> [RECORDS SHOWN]
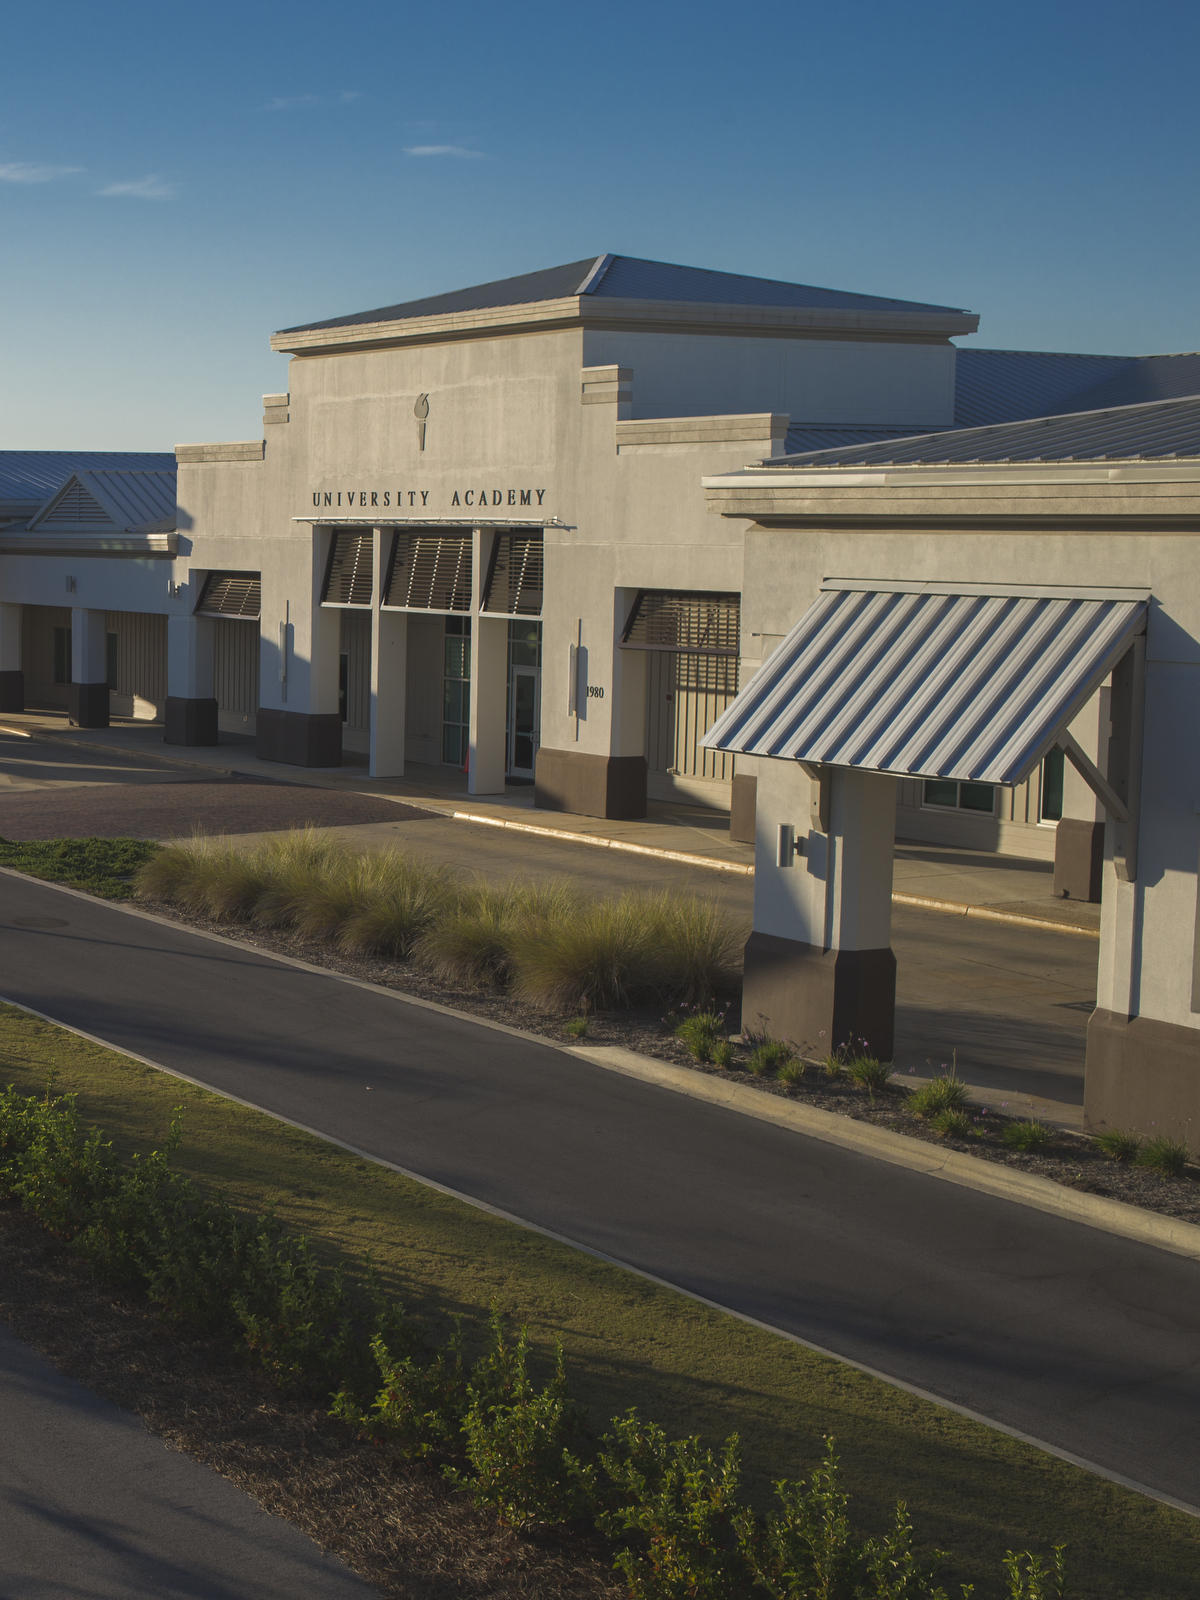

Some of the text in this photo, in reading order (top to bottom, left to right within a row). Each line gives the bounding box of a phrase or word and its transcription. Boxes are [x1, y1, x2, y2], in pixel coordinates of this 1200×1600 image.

[313, 489, 546, 506] UNIVERSITY ACADEMY
[586, 686, 604, 698] 1980
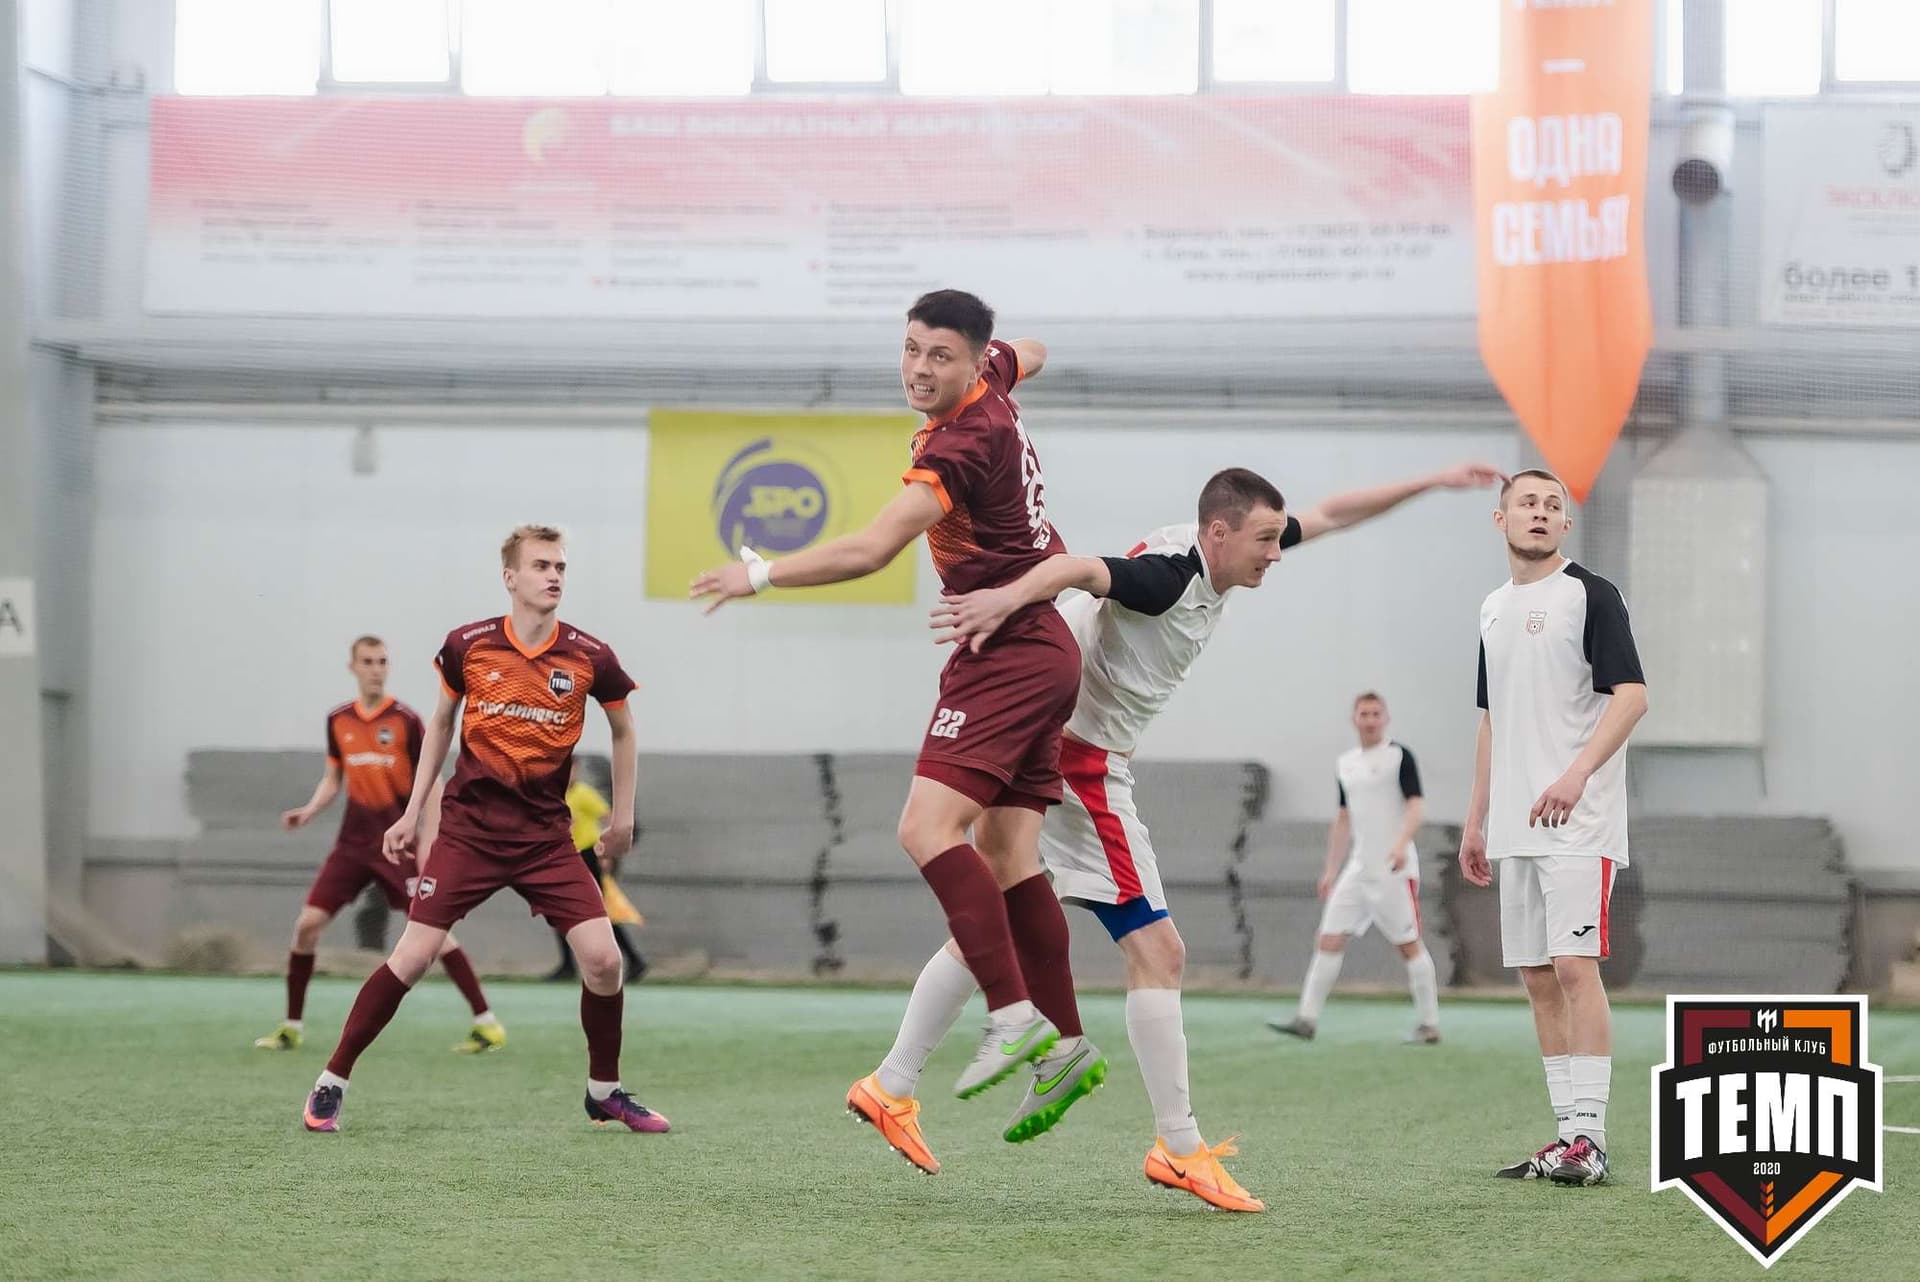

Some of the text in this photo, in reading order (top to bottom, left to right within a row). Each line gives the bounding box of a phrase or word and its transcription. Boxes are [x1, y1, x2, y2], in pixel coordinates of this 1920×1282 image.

[1506, 112, 1624, 189] ОДНА
[1783, 262, 1889, 291] более
[930, 707, 967, 739] 22

> [WHAT YOU SHOULD DO] If a record contains a picture, leave the picture out; repeat the record itself exactly.

> [EXERCISE SOLUTION]
Some of the text in this photo, in reading order (top to bottom, left to right within a row). Each line gives the bounding box of a phrase or word and its transcription. Boxes are [x1, y1, x2, y2], in pixel coordinates of this 1200×1600 image.

[313, 489, 546, 506] UNIVERSITY ACADEMY
[586, 686, 604, 698] 1980

Some of the text in this photo, in reading order (top to bottom, left to right within a row). Each line gives the bounding box of a phrase or word and its transcription. Boxes are [x1, y1, x2, y2], in pixel coordinates of this 1920×1282 image.

[1506, 112, 1624, 189] ОДНА
[1783, 262, 1889, 291] более
[930, 707, 967, 739] 22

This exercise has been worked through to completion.